__Task prompt__
The records are to be repeated in full, with the images removed.

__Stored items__
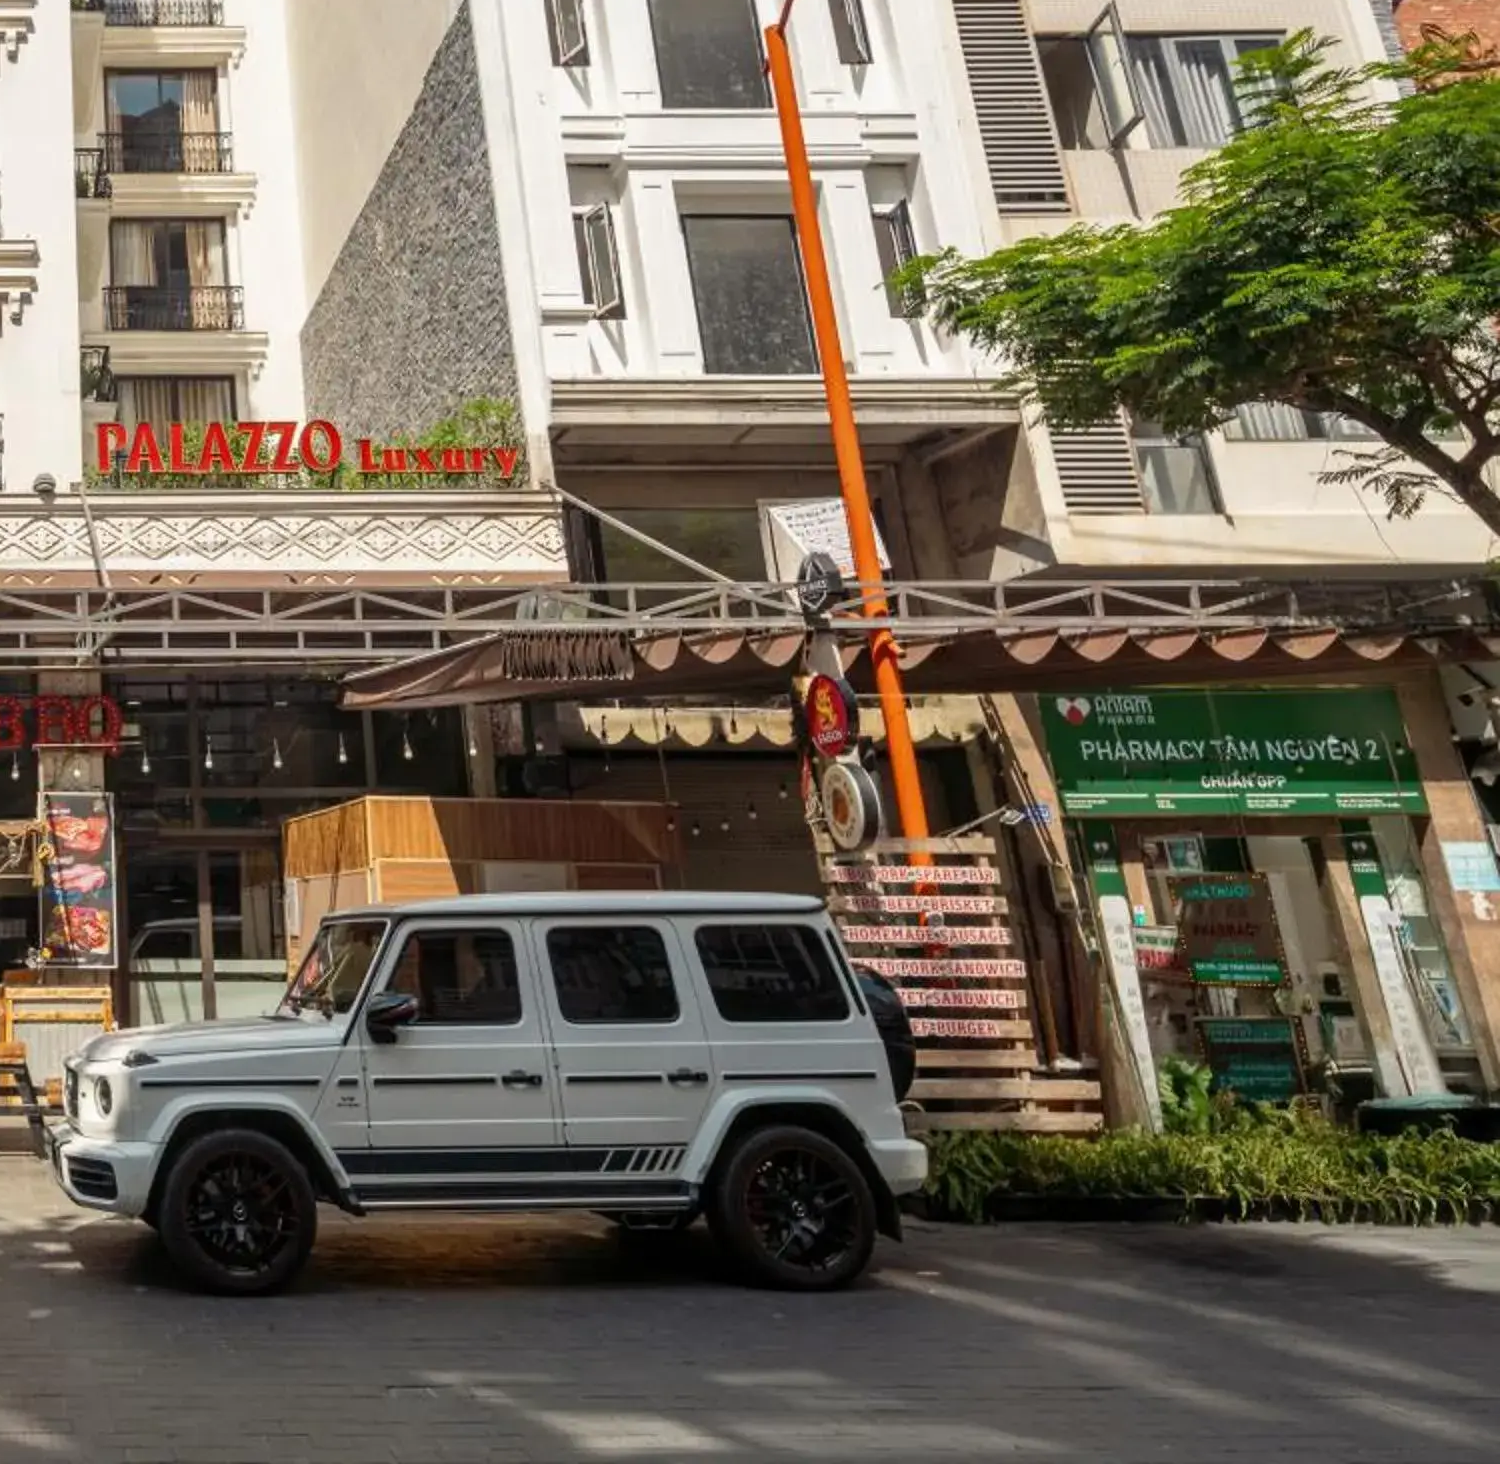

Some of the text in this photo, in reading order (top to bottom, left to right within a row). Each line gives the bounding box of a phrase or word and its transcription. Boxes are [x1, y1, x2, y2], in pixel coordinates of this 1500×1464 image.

[94, 419, 519, 479] PALAZZO Luxury
[1080, 739, 1205, 761] PHARMACY
[1364, 739, 1382, 761] 2
[1255, 775, 1288, 789] GPP
[916, 867, 963, 882] SPARE
[931, 897, 994, 911] BRISKET
[849, 926, 1011, 944] HOMEMADE SAUSAGE
[901, 960, 941, 976] PORK
[948, 960, 1024, 977] SANDWICH
[933, 990, 1015, 1006] SANDWICH
[937, 1021, 997, 1036] BURGER
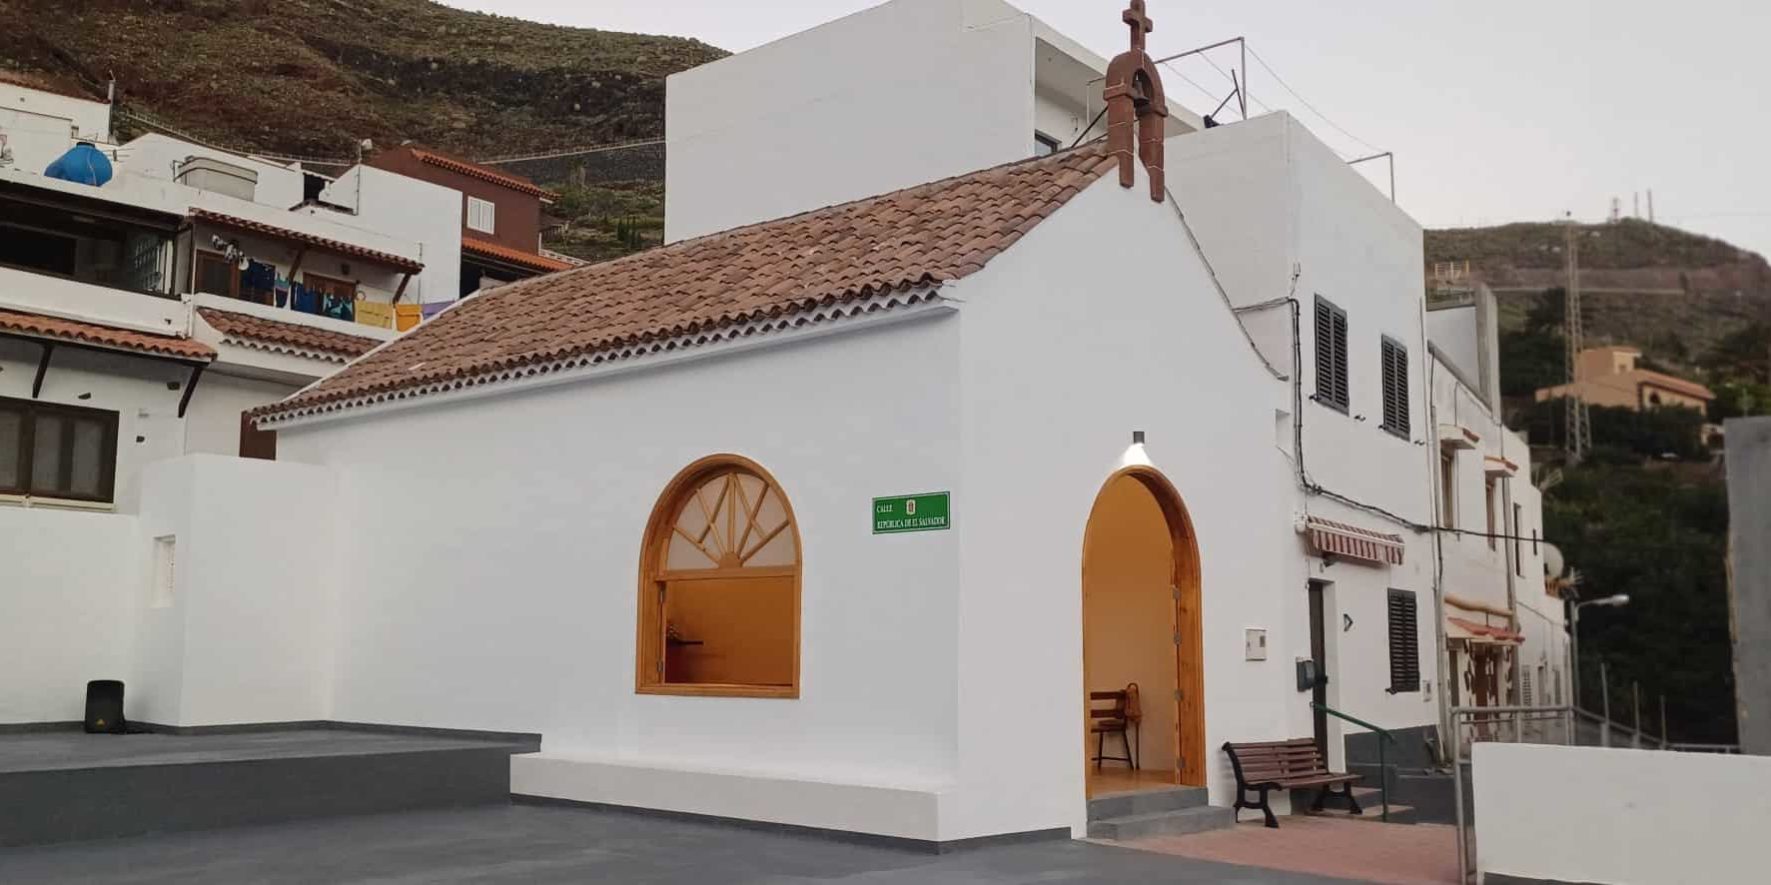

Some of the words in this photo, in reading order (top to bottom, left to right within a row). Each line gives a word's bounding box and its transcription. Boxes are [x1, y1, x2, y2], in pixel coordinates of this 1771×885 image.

[877, 504, 893, 513] CALLE
[905, 518, 911, 527] DE
[912, 518, 918, 527] EL
[919, 516, 945, 526] SALVADOR
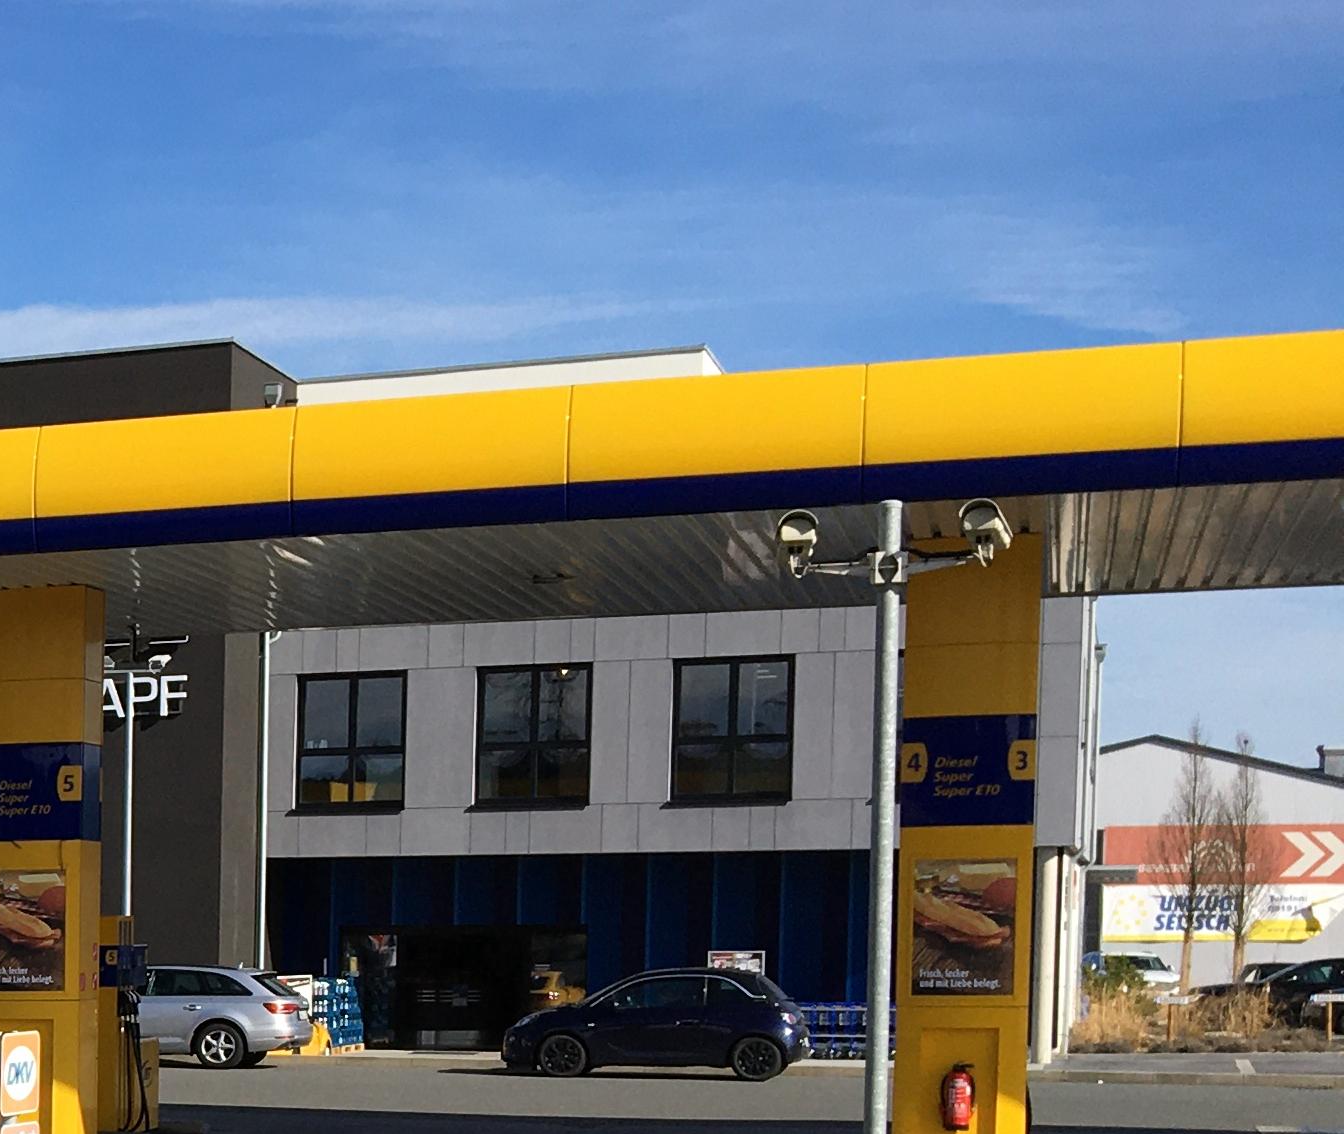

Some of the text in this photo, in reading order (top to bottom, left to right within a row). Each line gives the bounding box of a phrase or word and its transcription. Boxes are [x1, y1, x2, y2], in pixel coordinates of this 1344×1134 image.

[907, 752, 922, 772] 4
[934, 755, 978, 769] Diesel
[1015, 750, 1028, 770] 3
[62, 774, 74, 793] 5
[934, 771, 974, 786] Super
[933, 784, 1001, 798] Super E10
[31, 804, 51, 815] E10
[1153, 913, 1231, 931] SELSCH
[944, 968, 970, 978] lecker
[919, 979, 934, 988] und
[950, 978, 972, 988] Liebe
[973, 978, 1002, 990] belegt.
[6, 1060, 34, 1086] DKV
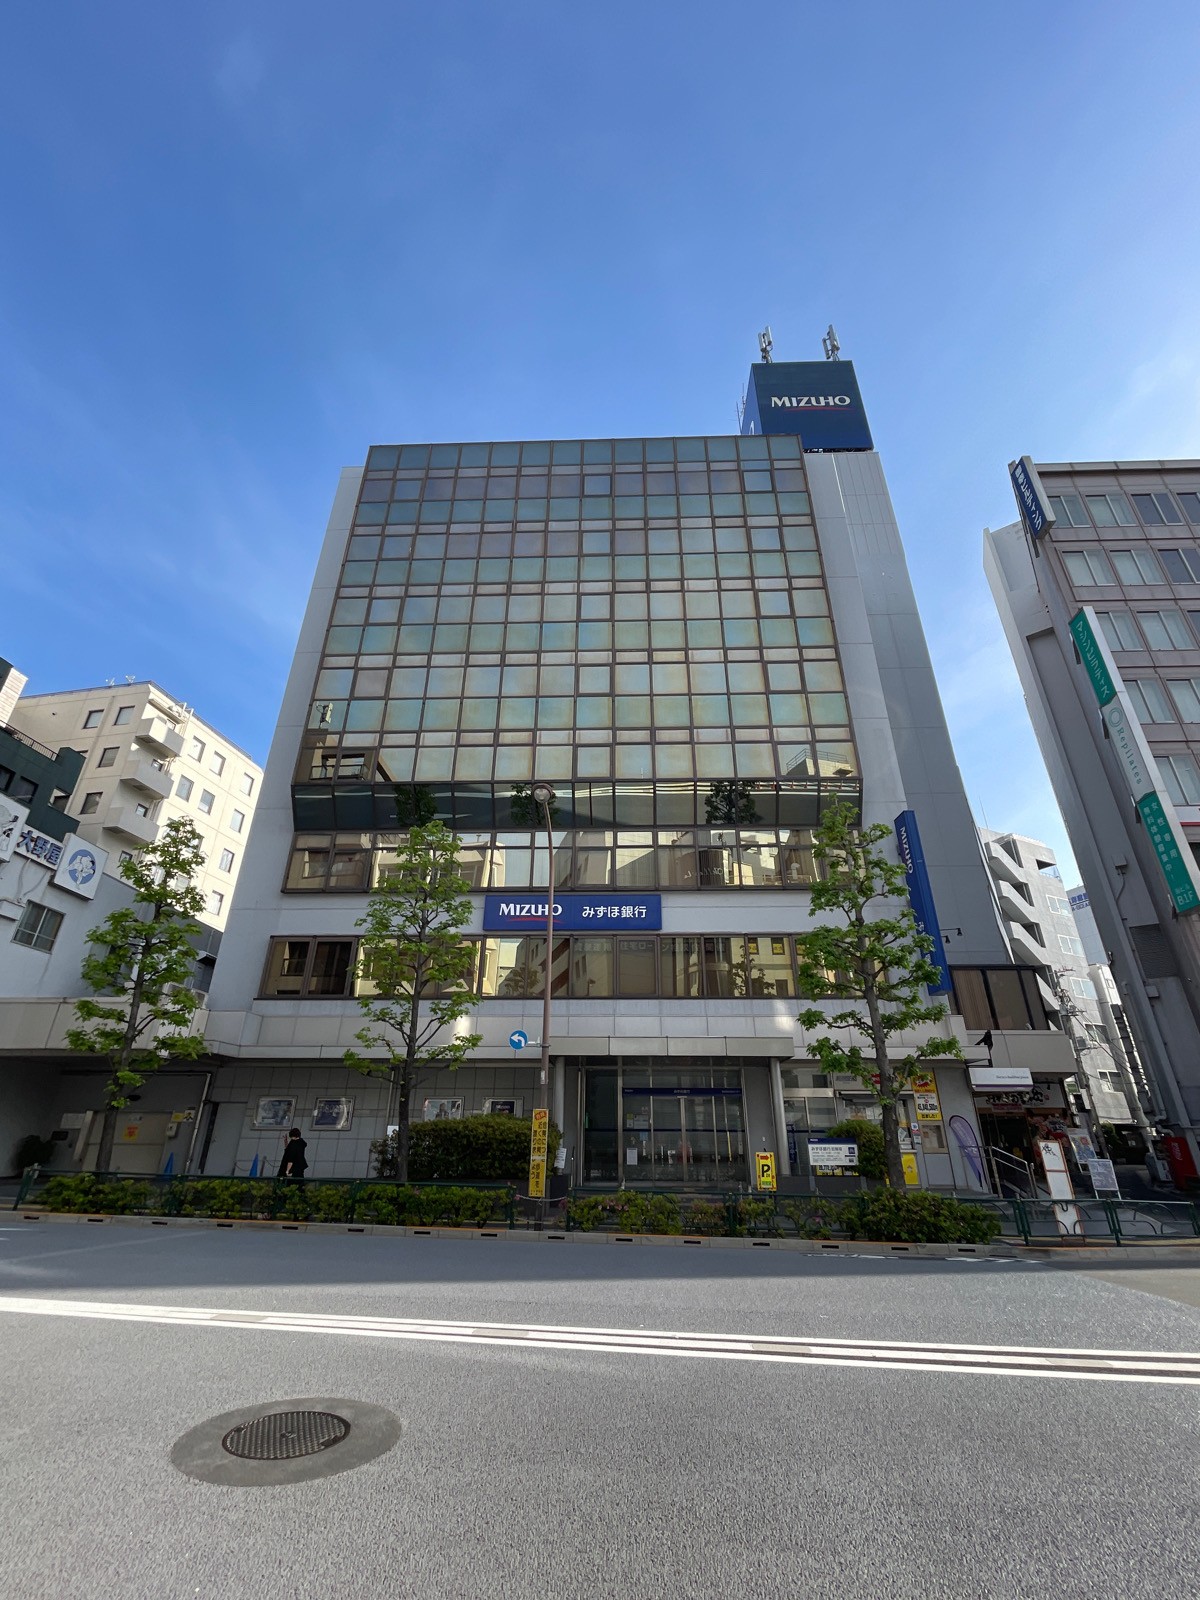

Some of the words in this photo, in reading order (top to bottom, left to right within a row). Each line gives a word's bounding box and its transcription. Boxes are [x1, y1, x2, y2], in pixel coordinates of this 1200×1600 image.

__Written answer__
Some of the text in this photo, in reading order (top to bottom, left to right within a row). Each line gives the bounding box of a phrase or word and its transcription. Boxes are [x1, y1, x2, y2], in pixel coordinates of this 1500×1464 image.

[94, 419, 519, 479] PALAZZO Luxury
[1080, 739, 1205, 761] PHARMACY
[1364, 739, 1382, 761] 2
[1255, 775, 1288, 789] GPP
[916, 867, 963, 882] SPARE
[931, 897, 994, 911] BRISKET
[849, 926, 1011, 944] HOMEMADE SAUSAGE
[901, 960, 941, 976] PORK
[948, 960, 1024, 977] SANDWICH
[933, 990, 1015, 1006] SANDWICH
[937, 1021, 997, 1036] BURGER

Some of the words in this photo, in reading order (top to bottom, left to right within a row). Each line gives a word's bounding box and its transcription. Boxes are [x1, y1, x2, y2], in pixel coordinates of this 1771×885 image.

[877, 504, 893, 513] CALLE
[905, 518, 911, 527] DE
[912, 518, 918, 527] EL
[919, 516, 945, 526] SALVADOR

Some of the text in this photo, in reading order (top to bottom, left to right within a row). Each line gives the bounding box of a phrase or word and its transcription. Boxes are [x1, y1, x2, y2], in pixel coordinates of this 1344×1134 image.

[907, 752, 922, 772] 4
[934, 755, 978, 769] Diesel
[1015, 750, 1028, 770] 3
[62, 774, 74, 793] 5
[934, 771, 974, 786] Super
[933, 784, 1001, 798] Super E10
[31, 804, 51, 815] E10
[1153, 913, 1231, 931] SELSCH
[944, 968, 970, 978] lecker
[919, 979, 934, 988] und
[950, 978, 972, 988] Liebe
[973, 978, 1002, 990] belegt.
[6, 1060, 34, 1086] DKV

Some of the words in this photo, in reading order (top to bottom, left to right within a row). Each line gives a word's bounding box and its transcription. Boxes are [x1, y1, x2, y2], in pixel coordinates of this 1200×1600 image.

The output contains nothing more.